§ **What you are asked to do**
For each entry below, write an exact copy and leave out the images.

§ **Annotated photo localization data**
··········
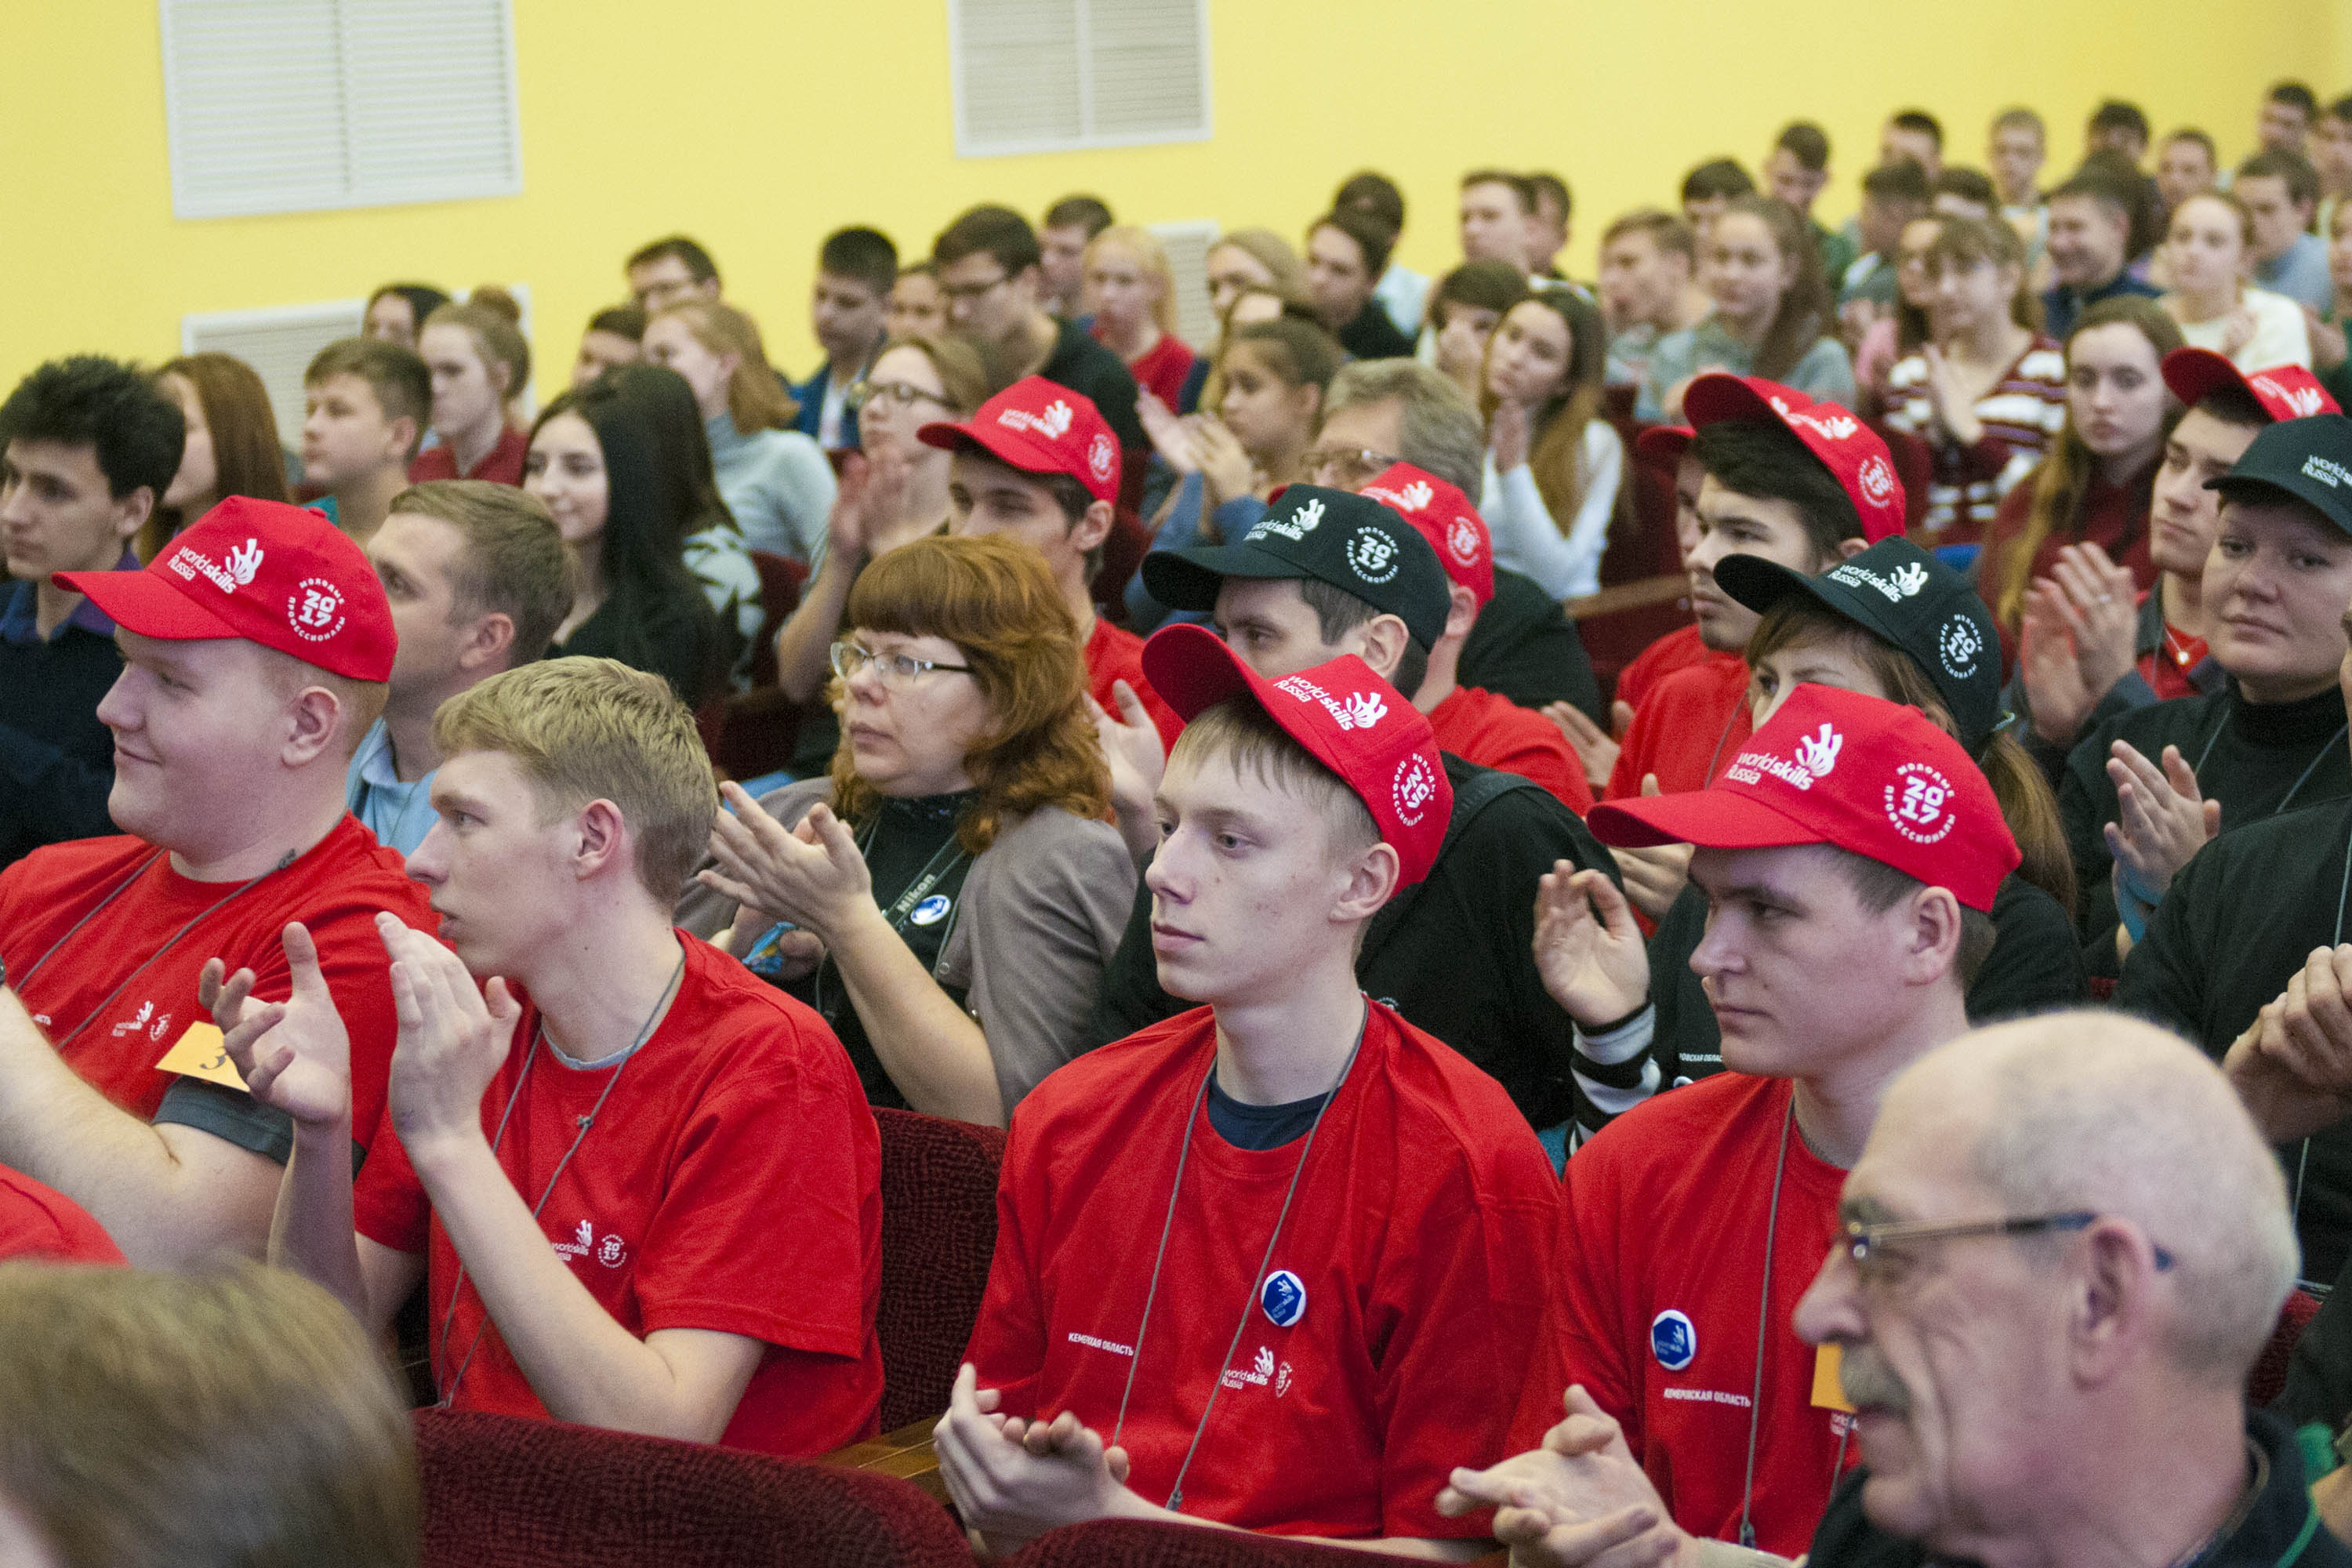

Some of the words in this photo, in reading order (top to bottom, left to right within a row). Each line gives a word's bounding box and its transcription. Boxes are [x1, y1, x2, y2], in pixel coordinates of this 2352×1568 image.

[2301, 462, 2339, 488] Russia
[1356, 548, 1388, 570] 17
[1360, 535, 1392, 557] 20
[167, 554, 196, 582] Russia
[178, 546, 237, 594] worldskills
[1828, 570, 1861, 588] Russia
[1839, 564, 1902, 603] worldskills
[305, 589, 336, 614] 20
[298, 605, 332, 627] 17
[1946, 637, 1969, 662] 17
[1953, 624, 1976, 655] 20
[1273, 680, 1311, 702] Russia
[1288, 675, 1354, 731] worldskills
[1409, 764, 1430, 800] 20
[1725, 764, 1762, 785] Russia
[1737, 752, 1814, 790] worldskills
[1896, 763, 1955, 798] МОЛОДЫЕ
[1400, 777, 1420, 809] 17
[1904, 775, 1944, 808] 20
[1884, 785, 1956, 844] ПРОФЕССИОНАЛЫ
[1899, 795, 1940, 824] 17
[897, 873, 935, 912] Nikon
[603, 1250, 619, 1261] 17
[604, 1241, 620, 1251] 20
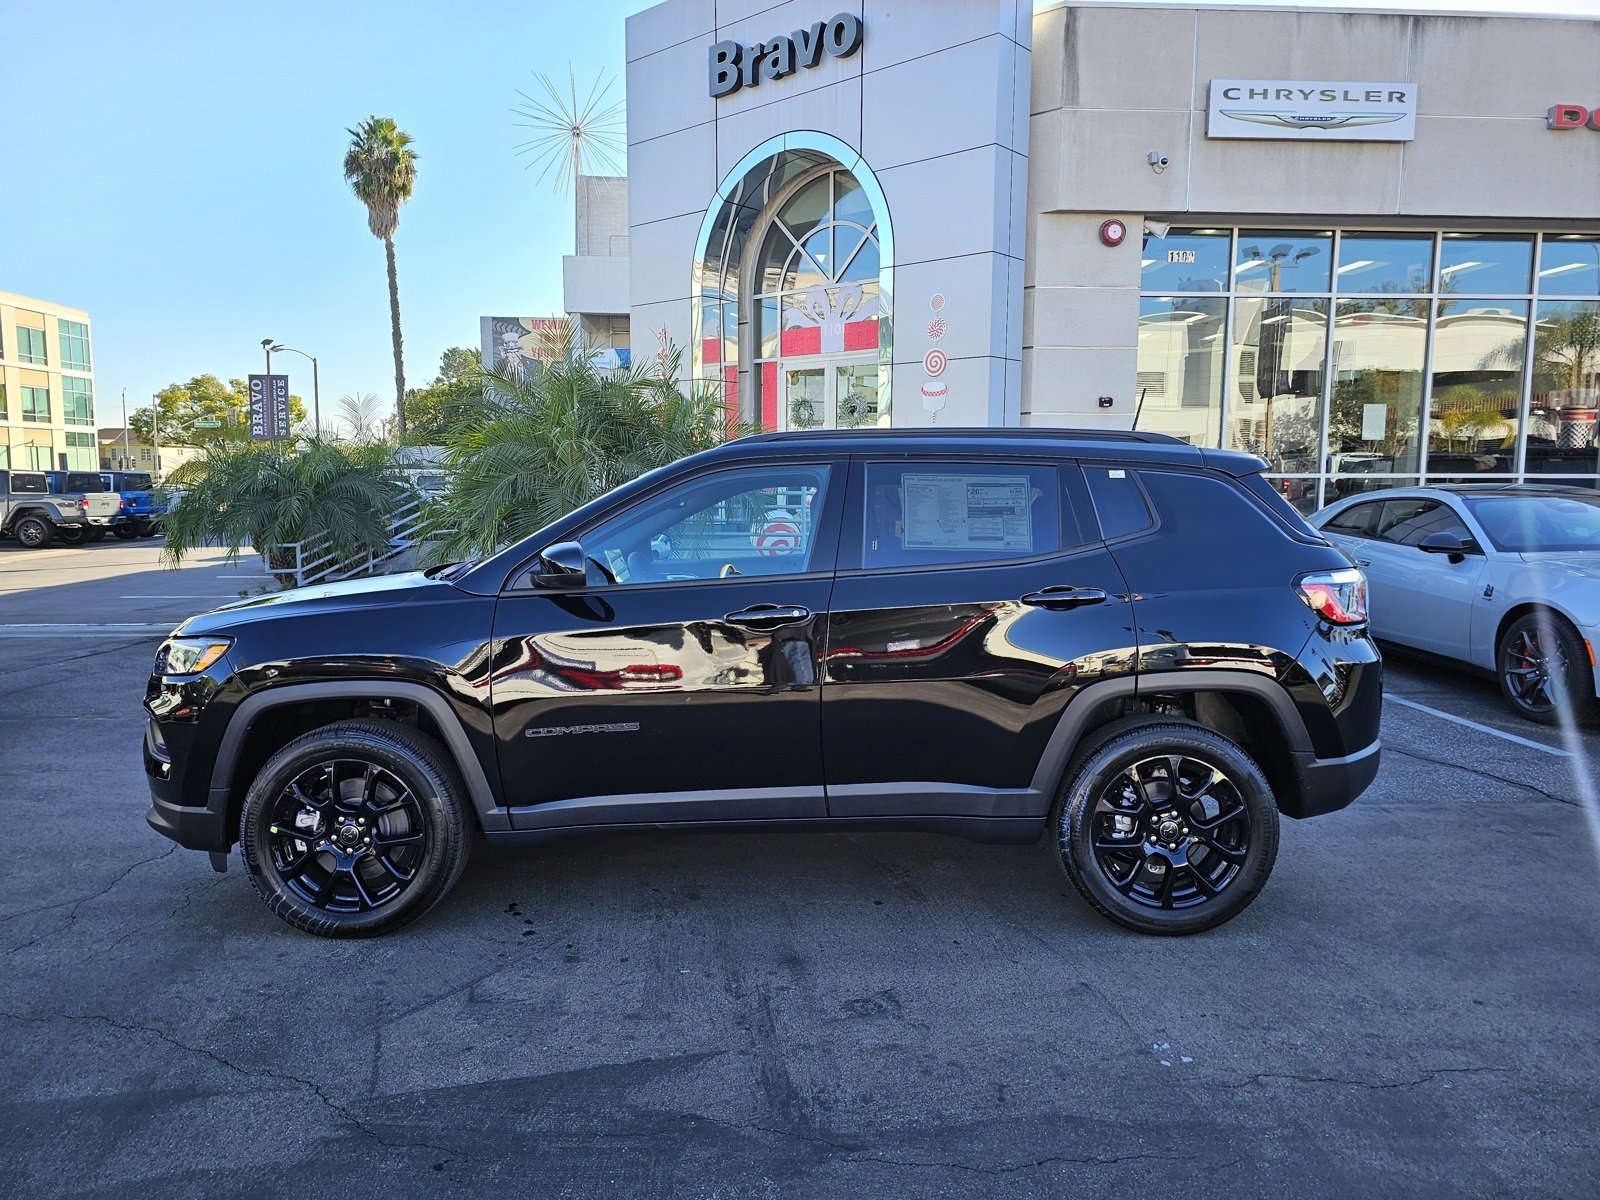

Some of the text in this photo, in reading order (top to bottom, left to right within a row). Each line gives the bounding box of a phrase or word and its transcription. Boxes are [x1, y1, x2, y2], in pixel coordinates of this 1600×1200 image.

[709, 12, 863, 98] Bravo
[1222, 87, 1406, 103] CHRYSLER
[1547, 104, 1600, 130] D
[251, 379, 263, 436] BRAVO
[277, 379, 287, 436] SERVICE
[524, 721, 640, 738] COMPASS
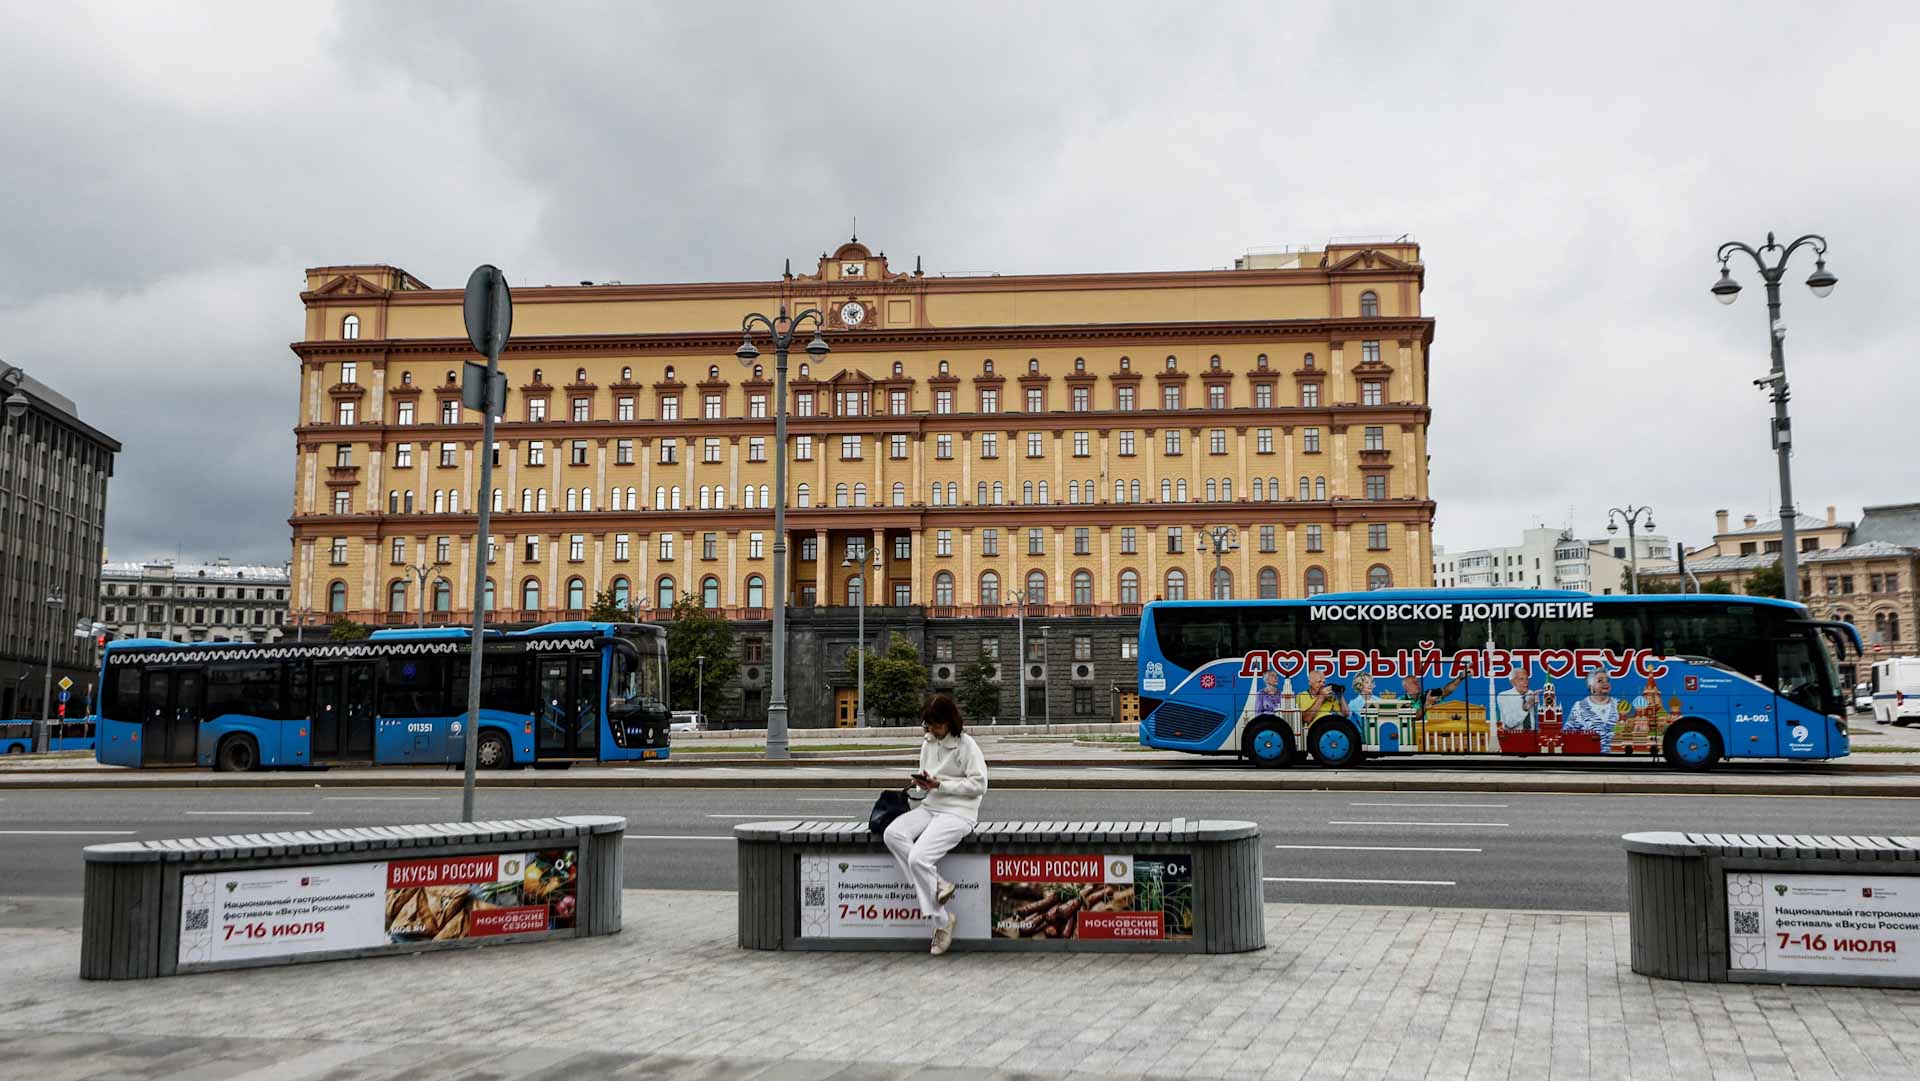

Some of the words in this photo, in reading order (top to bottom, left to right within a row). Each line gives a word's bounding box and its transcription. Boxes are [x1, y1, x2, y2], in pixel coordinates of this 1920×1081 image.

[1310, 604, 1453, 620] МОСКОВСКОЕ
[1459, 602, 1594, 621] ДОЛГОЛЕТИЕ
[1735, 714, 1770, 723] ДА-001
[407, 723, 433, 733] 011351
[393, 865, 438, 884] ВКУСЫ
[442, 861, 493, 880] РОССИИ
[996, 860, 1041, 877] ВКУСЫ
[1045, 860, 1099, 877] РОССИИ
[1167, 863, 1187, 875] 0+
[838, 880, 899, 890] Национальный
[223, 896, 292, 910] Национальный
[293, 890, 376, 904] гастрономический
[838, 892, 883, 900] фестиваль
[223, 910, 273, 921] фестиваль
[1775, 906, 1853, 917] Национальный
[476, 912, 545, 926] МОСКОВСКИЕ
[1085, 919, 1159, 928] МОСКОВСКИЕ
[1775, 918, 1833, 928] фестиваль
[1835, 919, 1876, 930] «Вкусы
[271, 921, 326, 937] июля
[502, 920, 544, 932] СЕЗОНЫ
[1114, 927, 1159, 936] СЕЗОНЫ
[1834, 938, 1897, 953] июля
··········
§ **Solution to this problem**
Some of the words in this photo, in reading order (top to bottom, left to right within a row). Each line gives a word's bounding box and its transcription. Boxes are [x1, y1, x2, y2], in pixel coordinates of this 2352×1568 image.

[2301, 462, 2339, 488] Russia
[1356, 548, 1388, 570] 17
[1360, 535, 1392, 557] 20
[167, 554, 196, 582] Russia
[178, 546, 237, 594] worldskills
[1828, 570, 1861, 588] Russia
[1839, 564, 1902, 603] worldskills
[305, 589, 336, 614] 20
[298, 605, 332, 627] 17
[1946, 637, 1969, 662] 17
[1953, 624, 1976, 655] 20
[1273, 680, 1311, 702] Russia
[1288, 675, 1354, 731] worldskills
[1409, 764, 1430, 800] 20
[1725, 764, 1762, 785] Russia
[1737, 752, 1814, 790] worldskills
[1896, 763, 1955, 798] МОЛОДЫЕ
[1400, 777, 1420, 809] 17
[1904, 775, 1944, 808] 20
[1884, 785, 1956, 844] ПРОФЕССИОНАЛЫ
[1899, 795, 1940, 824] 17
[897, 873, 935, 912] Nikon
[603, 1250, 619, 1261] 17
[604, 1241, 620, 1251] 20

Some of the text in this photo, in reading order (top to bottom, left to right within a row). Each line gives the bounding box of a phrase or word and its transcription. Boxes are [x1, y1, x2, y2], in pixel coordinates of this 1600×1200 image.

[709, 12, 863, 98] Bravo
[1222, 87, 1406, 103] CHRYSLER
[1547, 104, 1600, 130] D
[251, 379, 263, 436] BRAVO
[277, 379, 287, 436] SERVICE
[524, 721, 640, 738] COMPASS

Some of the words in this photo, in reading order (top to bottom, left to right within a row). Each line gives a word's bounding box and its transcription. Boxes are [x1, y1, x2, y2], in pixel coordinates of this 1920×1081 image.

[1310, 604, 1453, 620] МОСКОВСКОЕ
[1459, 602, 1594, 621] ДОЛГОЛЕТИЕ
[1735, 714, 1770, 723] ДА-001
[407, 723, 433, 733] 011351
[393, 865, 438, 884] ВКУСЫ
[442, 861, 493, 880] РОССИИ
[996, 860, 1041, 877] ВКУСЫ
[1045, 860, 1099, 877] РОССИИ
[1167, 863, 1187, 875] 0+
[838, 880, 899, 890] Национальный
[223, 896, 292, 910] Национальный
[293, 890, 376, 904] гастрономический
[838, 892, 883, 900] фестиваль
[223, 910, 273, 921] фестиваль
[1775, 906, 1853, 917] Национальный
[476, 912, 545, 926] МОСКОВСКИЕ
[1085, 919, 1159, 928] МОСКОВСКИЕ
[1775, 918, 1833, 928] фестиваль
[1835, 919, 1876, 930] «Вкусы
[271, 921, 326, 937] июля
[502, 920, 544, 932] СЕЗОНЫ
[1114, 927, 1159, 936] СЕЗОНЫ
[1834, 938, 1897, 953] июля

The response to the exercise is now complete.